[DATA TO PROCESS Boundary: Start]

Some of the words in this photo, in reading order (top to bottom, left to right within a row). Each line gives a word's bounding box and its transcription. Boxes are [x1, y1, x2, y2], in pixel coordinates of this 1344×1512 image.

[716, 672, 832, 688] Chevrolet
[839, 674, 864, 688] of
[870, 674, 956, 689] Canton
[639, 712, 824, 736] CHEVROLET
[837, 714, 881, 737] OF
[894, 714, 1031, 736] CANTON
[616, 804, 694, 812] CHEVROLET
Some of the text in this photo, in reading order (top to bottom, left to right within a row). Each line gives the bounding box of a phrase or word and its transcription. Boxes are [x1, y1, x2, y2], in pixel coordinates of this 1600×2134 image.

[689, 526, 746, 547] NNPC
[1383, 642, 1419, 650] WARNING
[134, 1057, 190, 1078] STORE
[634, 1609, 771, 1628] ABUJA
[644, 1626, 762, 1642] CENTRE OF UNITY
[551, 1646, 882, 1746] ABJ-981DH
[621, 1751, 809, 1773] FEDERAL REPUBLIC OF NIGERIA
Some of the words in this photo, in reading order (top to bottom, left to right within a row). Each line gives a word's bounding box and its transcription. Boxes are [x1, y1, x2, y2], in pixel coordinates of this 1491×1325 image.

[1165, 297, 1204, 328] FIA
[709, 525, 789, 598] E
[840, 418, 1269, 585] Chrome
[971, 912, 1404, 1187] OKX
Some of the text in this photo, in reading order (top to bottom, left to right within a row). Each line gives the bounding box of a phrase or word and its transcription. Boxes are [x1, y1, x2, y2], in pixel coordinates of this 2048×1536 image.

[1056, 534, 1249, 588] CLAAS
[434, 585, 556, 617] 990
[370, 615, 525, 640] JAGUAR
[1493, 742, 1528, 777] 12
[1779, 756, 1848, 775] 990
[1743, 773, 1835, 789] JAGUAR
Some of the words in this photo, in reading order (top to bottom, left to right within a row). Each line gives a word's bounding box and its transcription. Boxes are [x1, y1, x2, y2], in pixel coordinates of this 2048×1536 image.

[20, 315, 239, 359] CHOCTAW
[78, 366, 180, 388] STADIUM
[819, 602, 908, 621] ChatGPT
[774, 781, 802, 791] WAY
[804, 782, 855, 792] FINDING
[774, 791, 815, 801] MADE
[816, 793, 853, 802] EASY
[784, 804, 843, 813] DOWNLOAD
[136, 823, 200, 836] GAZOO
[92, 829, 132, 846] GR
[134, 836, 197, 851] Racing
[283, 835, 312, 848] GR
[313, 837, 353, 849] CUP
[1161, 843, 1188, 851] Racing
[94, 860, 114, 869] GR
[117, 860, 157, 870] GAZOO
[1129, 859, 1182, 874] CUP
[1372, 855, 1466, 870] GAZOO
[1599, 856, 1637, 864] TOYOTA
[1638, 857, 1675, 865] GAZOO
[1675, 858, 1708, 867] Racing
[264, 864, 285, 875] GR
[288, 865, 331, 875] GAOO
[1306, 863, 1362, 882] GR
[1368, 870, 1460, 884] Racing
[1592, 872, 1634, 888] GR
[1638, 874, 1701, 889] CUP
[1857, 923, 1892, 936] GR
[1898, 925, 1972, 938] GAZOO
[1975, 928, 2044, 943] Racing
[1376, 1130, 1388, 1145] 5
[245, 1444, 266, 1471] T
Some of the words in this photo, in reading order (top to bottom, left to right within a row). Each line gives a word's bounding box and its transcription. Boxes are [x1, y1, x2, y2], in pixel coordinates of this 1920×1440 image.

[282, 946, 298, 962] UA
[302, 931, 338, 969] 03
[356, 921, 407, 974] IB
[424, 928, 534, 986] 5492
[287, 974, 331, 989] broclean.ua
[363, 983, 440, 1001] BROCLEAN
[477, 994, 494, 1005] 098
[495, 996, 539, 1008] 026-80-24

[DATA TO PROCESS Boundary: End]

_YOUR GOAL_
An exact copy of the data is needed.

_SOLUTION BELOW_
Some of the words in this photo, in reading order (top to bottom, left to right within a row). Each line gives a word's bounding box and its transcription. Boxes are [x1, y1, x2, y2], in pixel coordinates of this 1344×1512 image.

[716, 672, 832, 688] Chevrolet
[839, 674, 864, 688] of
[870, 674, 956, 689] Canton
[639, 712, 824, 736] CHEVROLET
[837, 714, 881, 737] OF
[894, 714, 1031, 736] CANTON
[616, 804, 694, 812] CHEVROLET
Some of the text in this photo, in reading order (top to bottom, left to right within a row). Each line gives the bounding box of a phrase or word and its transcription. Boxes are [x1, y1, x2, y2], in pixel coordinates of this 1600×2134 image.

[689, 526, 746, 547] NNPC
[1383, 642, 1419, 650] WARNING
[134, 1057, 190, 1078] STORE
[634, 1609, 771, 1628] ABUJA
[644, 1626, 762, 1642] CENTRE OF UNITY
[551, 1646, 882, 1746] ABJ-981DH
[621, 1751, 809, 1773] FEDERAL REPUBLIC OF NIGERIA
Some of the words in this photo, in reading order (top to bottom, left to right within a row). Each line gives a word's bounding box and its transcription. Boxes are [x1, y1, x2, y2], in pixel coordinates of this 1491×1325 image.

[1165, 297, 1204, 328] FIA
[709, 525, 789, 598] E
[840, 418, 1269, 585] Chrome
[971, 912, 1404, 1187] OKX
Some of the text in this photo, in reading order (top to bottom, left to right within a row). Each line gives the bounding box of a phrase or word and its transcription. Boxes are [x1, y1, x2, y2], in pixel coordinates of this 2048×1536 image.

[1056, 534, 1249, 588] CLAAS
[434, 585, 556, 617] 990
[370, 615, 525, 640] JAGUAR
[1493, 742, 1528, 777] 12
[1779, 756, 1848, 775] 990
[1743, 773, 1835, 789] JAGUAR
Some of the words in this photo, in reading order (top to bottom, left to right within a row). Each line gives a word's bounding box and its transcription. Boxes are [x1, y1, x2, y2], in pixel coordinates of this 2048×1536 image.

[20, 315, 239, 359] CHOCTAW
[78, 366, 180, 388] STADIUM
[819, 602, 908, 621] ChatGPT
[774, 781, 802, 791] WAY
[804, 782, 855, 792] FINDING
[774, 791, 815, 801] MADE
[816, 793, 853, 802] EASY
[784, 804, 843, 813] DOWNLOAD
[136, 823, 200, 836] GAZOO
[92, 829, 132, 846] GR
[134, 836, 197, 851] Racing
[283, 835, 312, 848] GR
[313, 837, 353, 849] CUP
[1161, 843, 1188, 851] Racing
[94, 860, 114, 869] GR
[117, 860, 157, 870] GAZOO
[1129, 859, 1182, 874] CUP
[1372, 855, 1466, 870] GAZOO
[1599, 856, 1637, 864] TOYOTA
[1638, 857, 1675, 865] GAZOO
[1675, 858, 1708, 867] Racing
[264, 864, 285, 875] GR
[288, 865, 331, 875] GAOO
[1306, 863, 1362, 882] GR
[1368, 870, 1460, 884] Racing
[1592, 872, 1634, 888] GR
[1638, 874, 1701, 889] CUP
[1857, 923, 1892, 936] GR
[1898, 925, 1972, 938] GAZOO
[1975, 928, 2044, 943] Racing
[1376, 1130, 1388, 1145] 5
[245, 1444, 266, 1471] T
Some of the words in this photo, in reading order (top to bottom, left to right within a row). Each line gives a word's bounding box and its transcription. Boxes are [x1, y1, x2, y2], in pixel coordinates of this 1920×1440 image.

[282, 946, 298, 962] UA
[302, 931, 338, 969] 03
[356, 921, 407, 974] IB
[424, 928, 534, 986] 5492
[287, 974, 331, 989] broclean.ua
[363, 983, 440, 1001] BROCLEAN
[477, 994, 494, 1005] 098
[495, 996, 539, 1008] 026-80-24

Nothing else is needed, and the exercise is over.